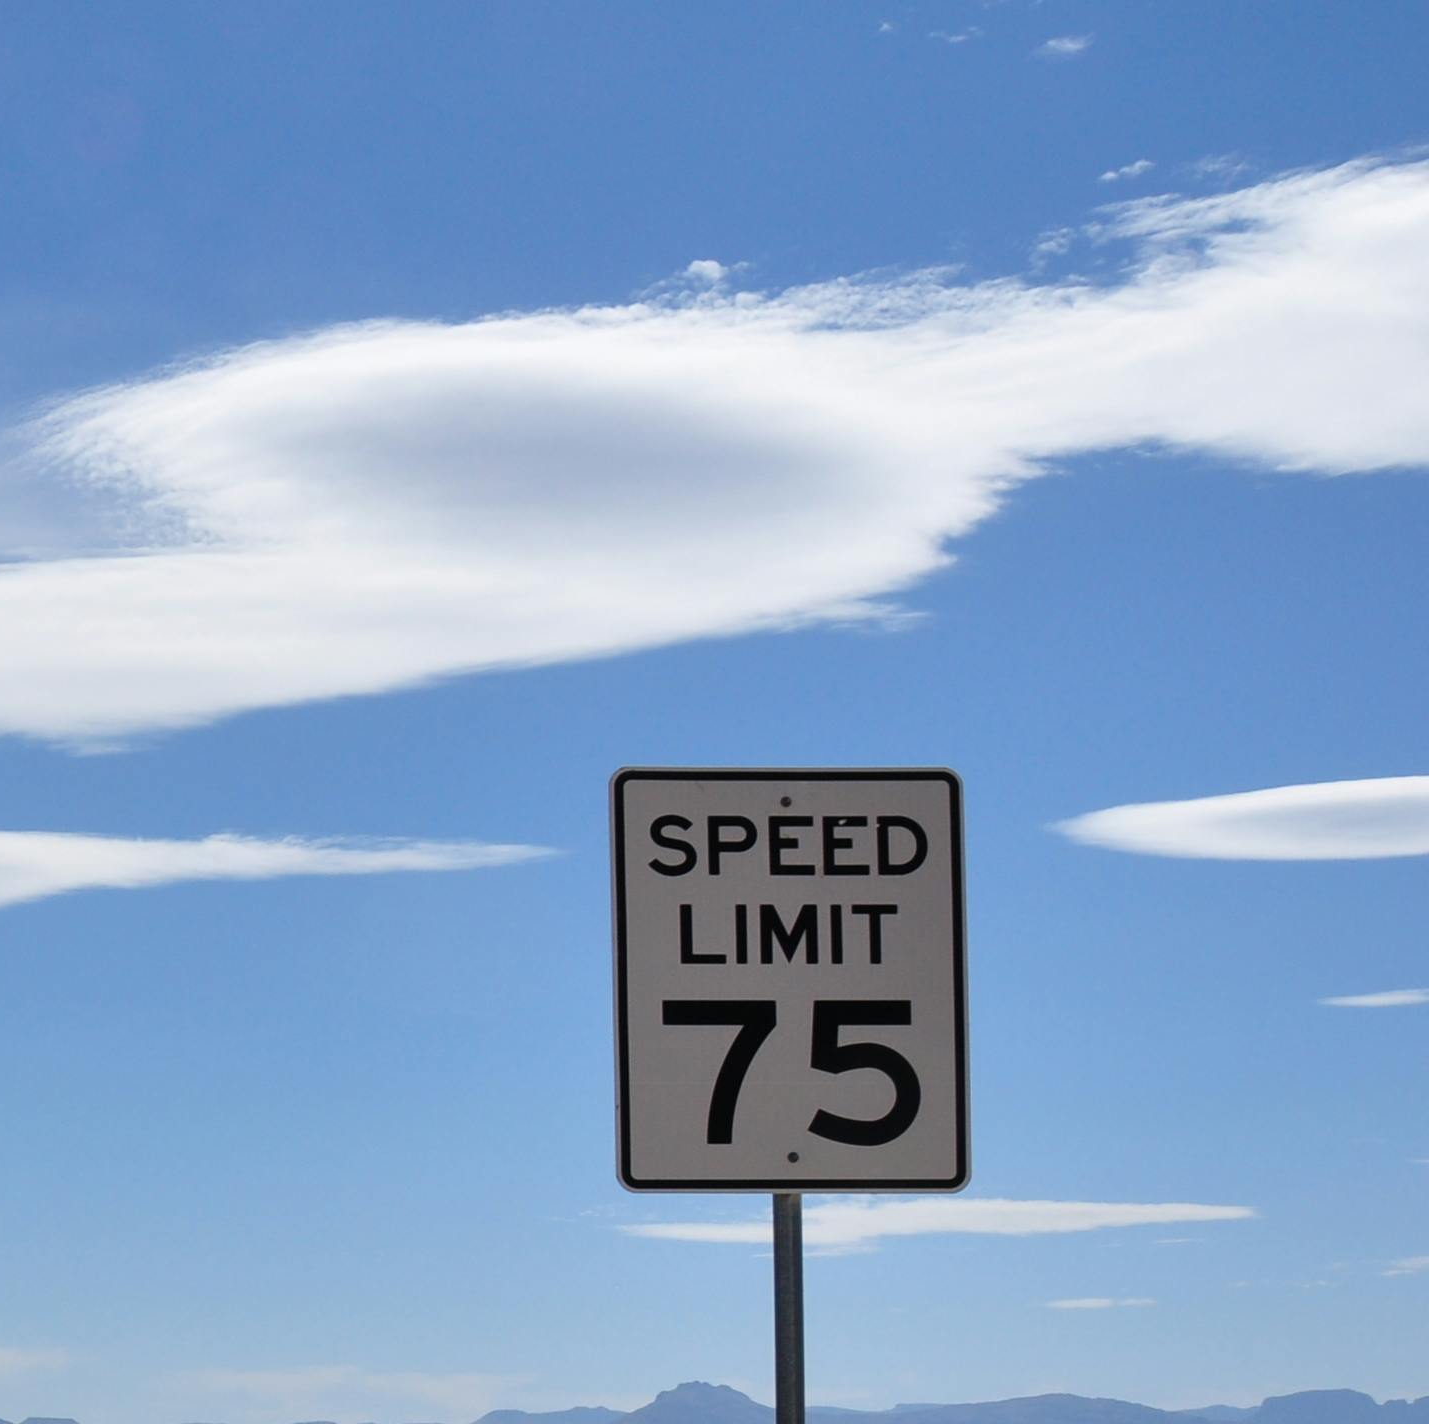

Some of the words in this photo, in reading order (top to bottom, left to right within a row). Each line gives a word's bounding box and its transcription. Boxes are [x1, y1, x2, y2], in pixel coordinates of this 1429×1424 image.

[648, 814, 928, 876] SPEED
[679, 904, 898, 964] LIMIT
[662, 1000, 921, 1146] 75
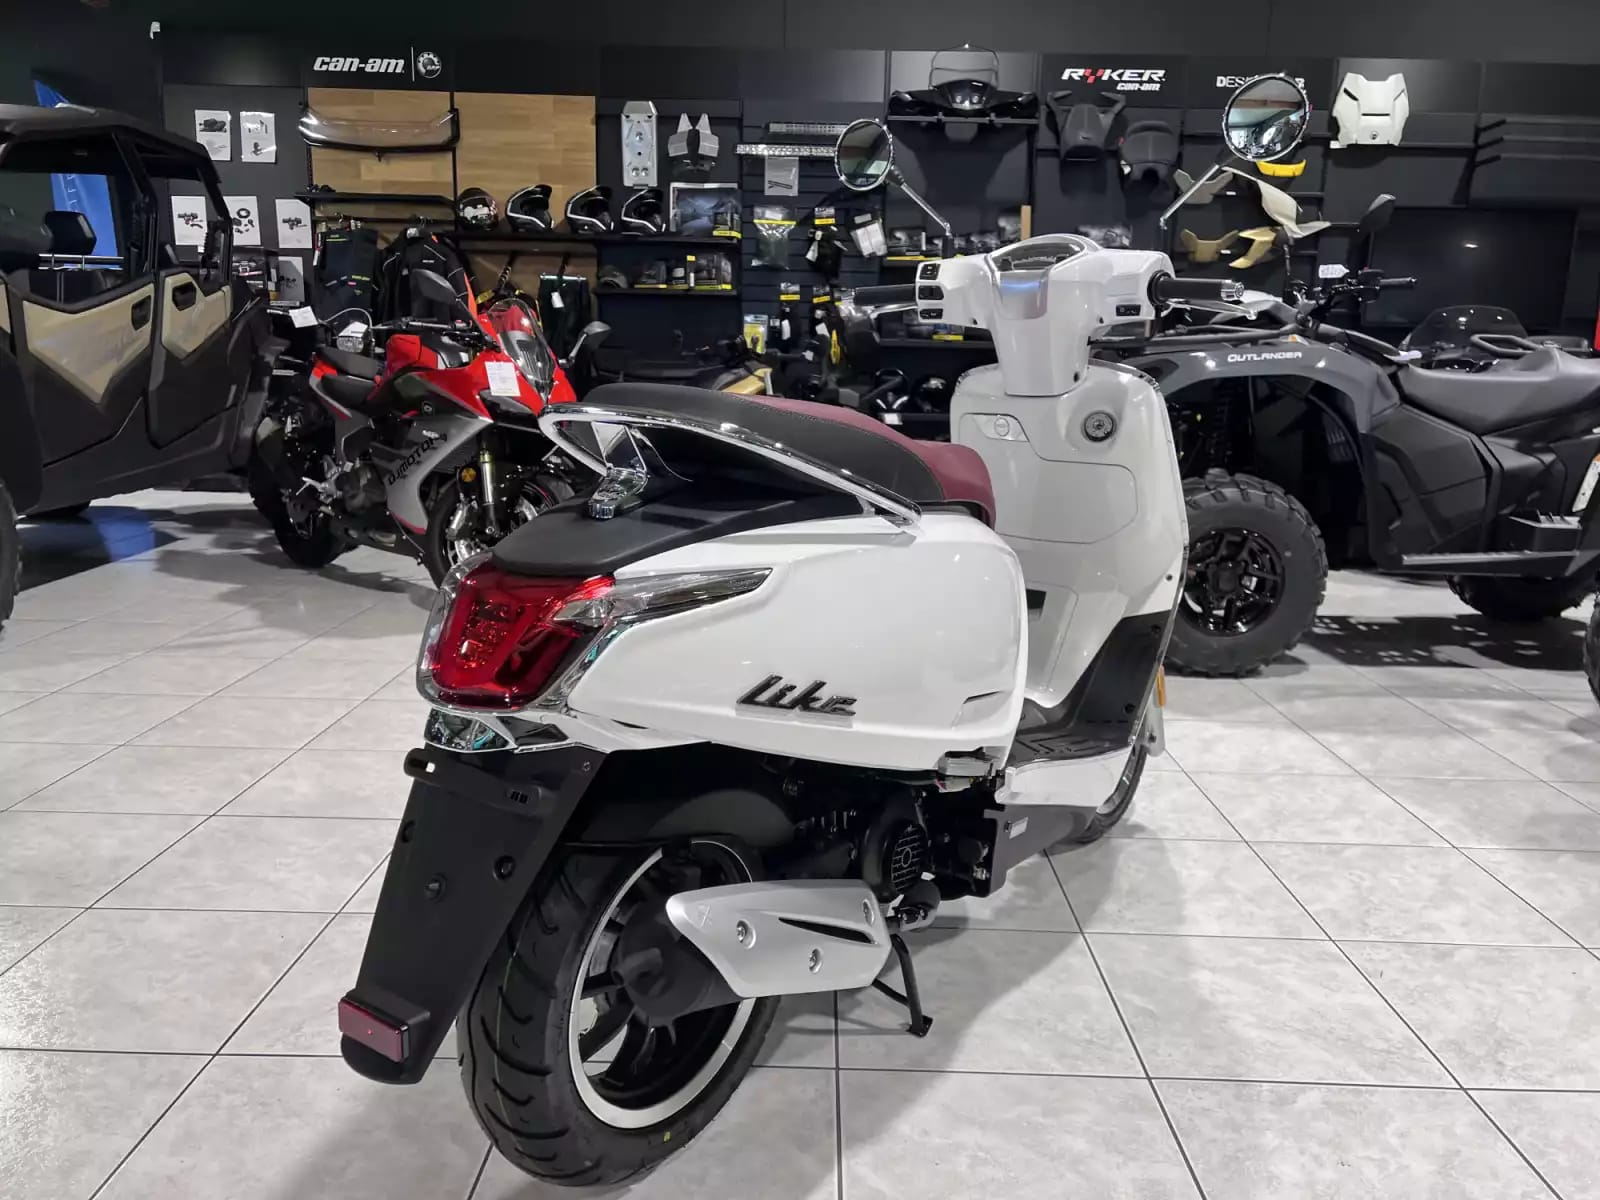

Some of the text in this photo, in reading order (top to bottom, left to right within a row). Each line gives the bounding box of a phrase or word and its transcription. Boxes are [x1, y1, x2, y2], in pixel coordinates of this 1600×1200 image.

[313, 56, 404, 74] can-am
[1061, 68, 1165, 84] RYKER
[1116, 81, 1161, 92] can-am
[1227, 351, 1302, 363] OUTLANDER
[736, 673, 857, 716] Like
·····
About this task => All of the material above should be reproduced exactly, except the pictures.

Task answer =>
Some of the words in this photo, in reading order (top to bottom, left to right within a row). Each line gives a word's bounding box and its transcription. Boxes are [x1, y1, x2, y2], in pixel coordinates of this 1429×1424 image.

[648, 814, 928, 876] SPEED
[679, 904, 898, 964] LIMIT
[662, 1000, 921, 1146] 75

Some of the text in this photo, in reading order (top to bottom, left to right within a row). Each line gives the bounding box of a phrase or word and its transcription. Boxes are [x1, y1, x2, y2], in pixel coordinates of this 1600×1200 image.

[313, 56, 404, 74] can-am
[1061, 68, 1165, 84] RYKER
[1116, 81, 1161, 92] can-am
[1227, 351, 1302, 363] OUTLANDER
[736, 673, 857, 716] Like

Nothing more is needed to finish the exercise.